The new American economy: concentrating business power to suit an unequal society

Summary:  Corporate power is concentrating in America, quite suitable for society with growing inequality of wealth and income.  A new business structure for a new society.  Today we look at some examples.  This is one of the drivers of increasing concentration of wealth and power in America, pushing America from Republic to Plutocracy.

Cartels and monopolies were created in the Gilded Age of the late 19th century, especially during the depressions.  Teddy Roosevelt and the great trust-busters restored some competition to the US economy.  The New Deal began a new phase of cartelization.  Now the US economy has entered a new phase of consolidation  — a return to the Gilded age.  In its extreme form entire industries fall under the domination of one company (almost monopolies), which sucks the oxygen so that everyone else in the entire supply chain gasps for air.

It’s clearest in what’s misleadingly called the technology sector.

  • Apple nears dominance over the entire consumer electronics industry.  Even the large telecoms must dance to their tune.
  • Amazon dominates the publishing business, especially electronic publications.  Even the largest retailers and publishers fear them.  And they’re expanding fast throughout the e-retail space.
  • Google dominates the e-advertising business.
  • On a smaller scale, eBay dominates the e-auction business.

More of these will emerge, as deep structural factors drive this trend.  Technology today creates “winner take all” network effects.  But there are other factors at work.  Large companies can wield the patent system as a weapon, buy political protection and tax breaks, get government contracts, suppress unions, and often break the law with impunity.  The banks and drug companies (see here for one of countless examples) illustrate these dynamics.

These giants destroy not just small but even large businesses as independent entities — they become dependent satellites, the business equivalent of Marx’s reserve army of the unemployed.  Made or broken by whim, with profit margins set for the convenience of the megacorps in their field.  The large regional corporations that were the mainstays of local politics and culture in America’s cities become branch offices, radically concentrating the social and economic patterns of the nation.  This process has been running for decades, and now enters a new stage.

This trend of concentration on the industry level mirrors trends on the level of individual corporations, as senior officers take an increasing share of not just total wages, but also corporate profits.  Their power is a means, not an end — and they as a group  apply it to increase their wealth and income.

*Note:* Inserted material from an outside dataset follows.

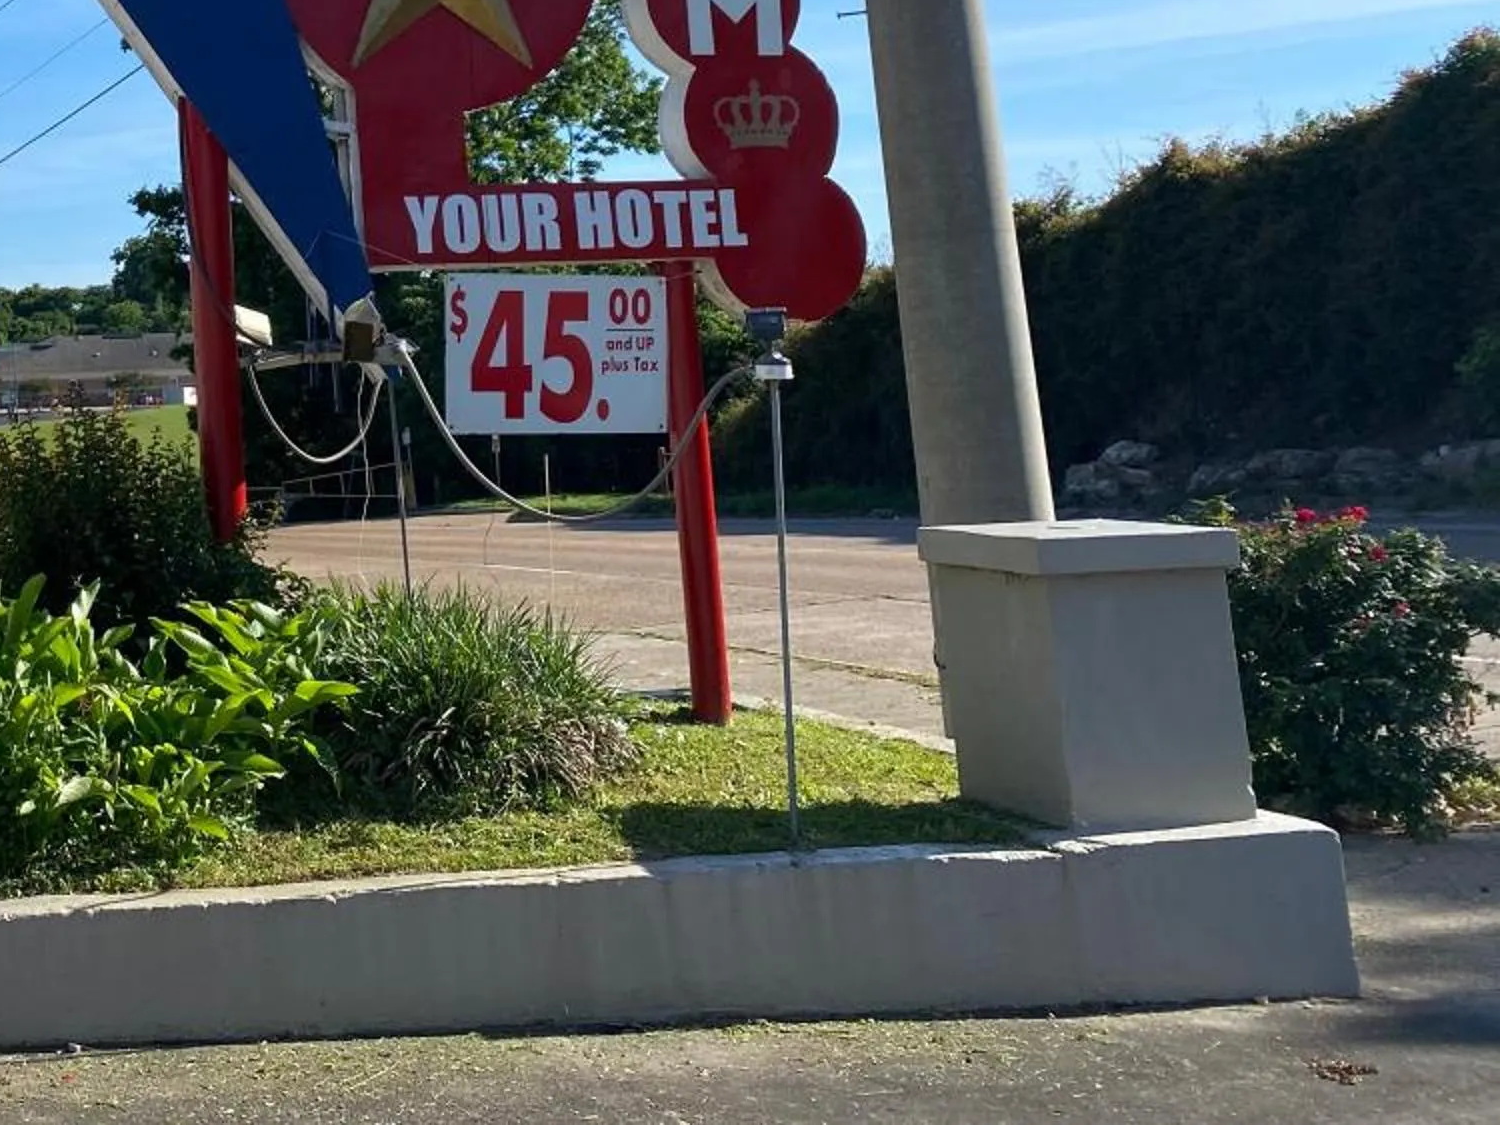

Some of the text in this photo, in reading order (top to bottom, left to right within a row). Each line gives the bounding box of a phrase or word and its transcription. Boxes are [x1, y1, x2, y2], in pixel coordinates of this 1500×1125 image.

[404, 189, 748, 253] YOUR HOTEL
[606, 336, 655, 351] and UP
[601, 356, 659, 375] plus Tax

As a result, the senior officers of these companies become plutocrats, members of our small and interconnected ruling elite — rich beyond the imagination of most people.  None of their descendents need work for ten generations.   Meg Whitman accumulates $1.3 billion as the senior manager at Ebay, and attempts to buy the Governorship of California as 19th century English plutocrats would buy an earldom.

For a more recent example, look at Apple, in this excerpt from a report by Indigo Equity Research (25 April 2012):

When Tim Cook was appointed CEO in August 2011 he was granted 1 million restricted stock units, worth $600 million at a share price of $600. … Also Mr. Cook’s salary was raised to $1.4 million. … Arthur Levinson became Chairman of Apple in 2011; he is also CEO of Genentech and is on the Board of Google.

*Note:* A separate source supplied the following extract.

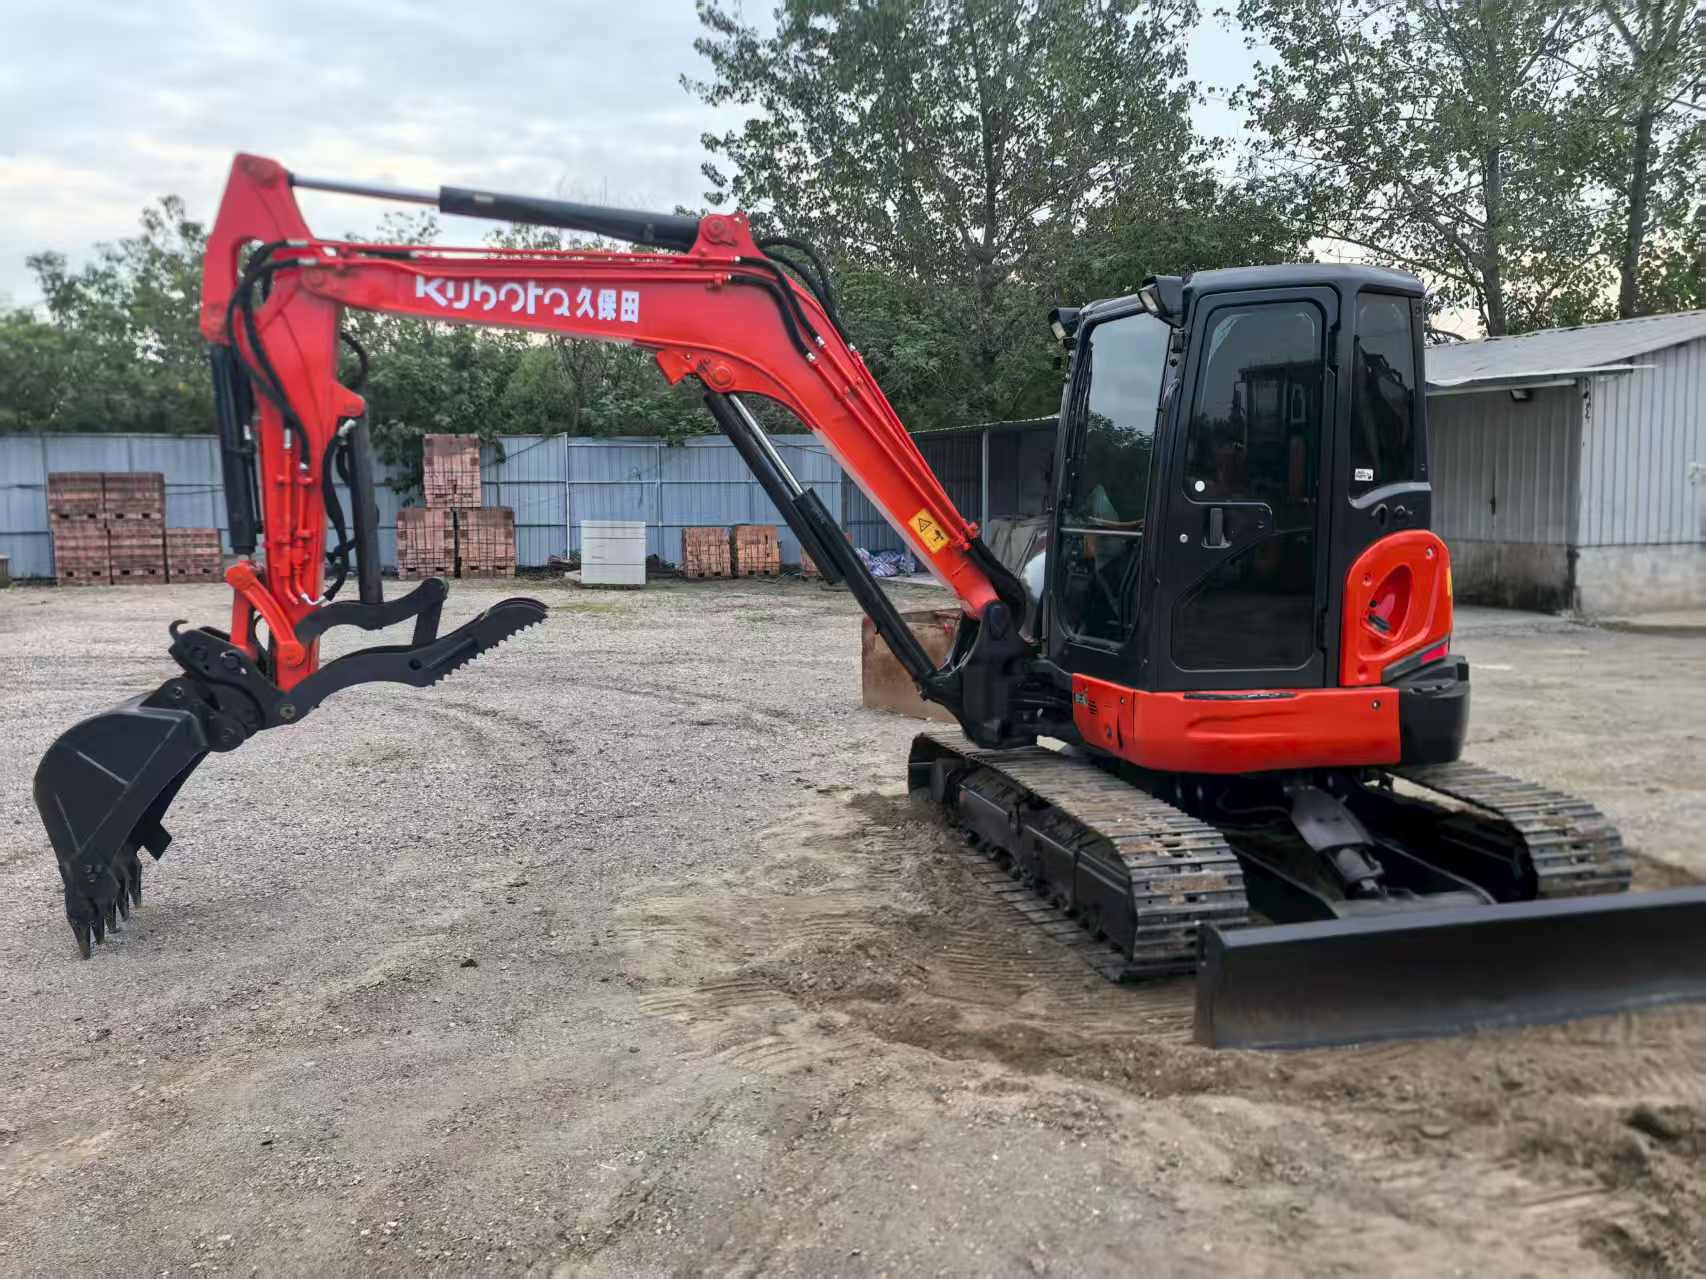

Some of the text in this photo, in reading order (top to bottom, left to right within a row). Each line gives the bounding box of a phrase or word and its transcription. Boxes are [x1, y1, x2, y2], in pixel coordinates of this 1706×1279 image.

[415, 275, 640, 323] Kubota 久保田

These are the people who increasingly own America. They run for office (eg, Bloomberg; Senate has become a millionaires club called the US Senate). They buy newspapers and magazine, endow think-tanks, to advocate their views. They fund candidates for President to make their view the law of the land. Their wealth allows them to shape public policy as a hobby. They are becoming America; the rest of us will just live here.

These things do not “just happen.”  We allow them to happen.  Our actions and inaction will revitalize or destroy the Republic.

Toys for plutocrats

For more information

About the large-scale evolution of the US economy:

  1. A look at America’s future – grim unless we get smart and pull together, 12 March 2009
  2. Some Americans worry about we’ll have a lost decade. Bad news – we just had it., 31 August 2009
  3. Welcome to American, the new Japan, as we enter a new era of State Capitalism, 28 September 2009
  4. A look at the engines of American job creation, 12 January 2010

About the one cartel to rule them all – banking:

  1. Update: yes, the Paulson Plan was just theft, 14 February 2009
  2. The best way to rob us is to own a bank, 10 April 2009
  3. “The Greatest Swindle Ever Sold”, by Andy Kroll in The Nation, 28 May 2009
  4. More about “Government Sachs” (they own America; we just live here), 31 July 2009

See the FM Reference Page America – how can we stop the quiet coup now in progress?

About inequality and social mobility: once strengths of America, now weaknesses:

  1. A sad picture of America, but important for us to understand, 3 November 2008 — Our low social mobility.
  2. America’s elites reluctantly impose a client-patron system, 5 November 2008
  3. Inequality in the USA, 7 January 2009
  4. A great, brief analysis of problem with America’s society – a model to follow when looking at other problems, 4 June 2009
  5. The latest figures on income inequality in the USA, 9 October 2009
  6. An opportunity to look in the mirror, to more clearly see America, 10 November 2009
  7. Graph of the decade, a hidden fracture in the American political regime, 7 March 2010
  8. America, the land of limited opportunity. We must open our eyes to the truth., 31 March 2010
  9. Modern America seen in pictures. Graphs, not photos. Facts, not impressions., 13 June 2010
  10. A pity party for America’s rich and powerful, 8 September 2010
  11. News You Can Use to understand the New America, 14 March 2012

20 thoughts on “The new American economy: concentrating business power to suit an unequal society”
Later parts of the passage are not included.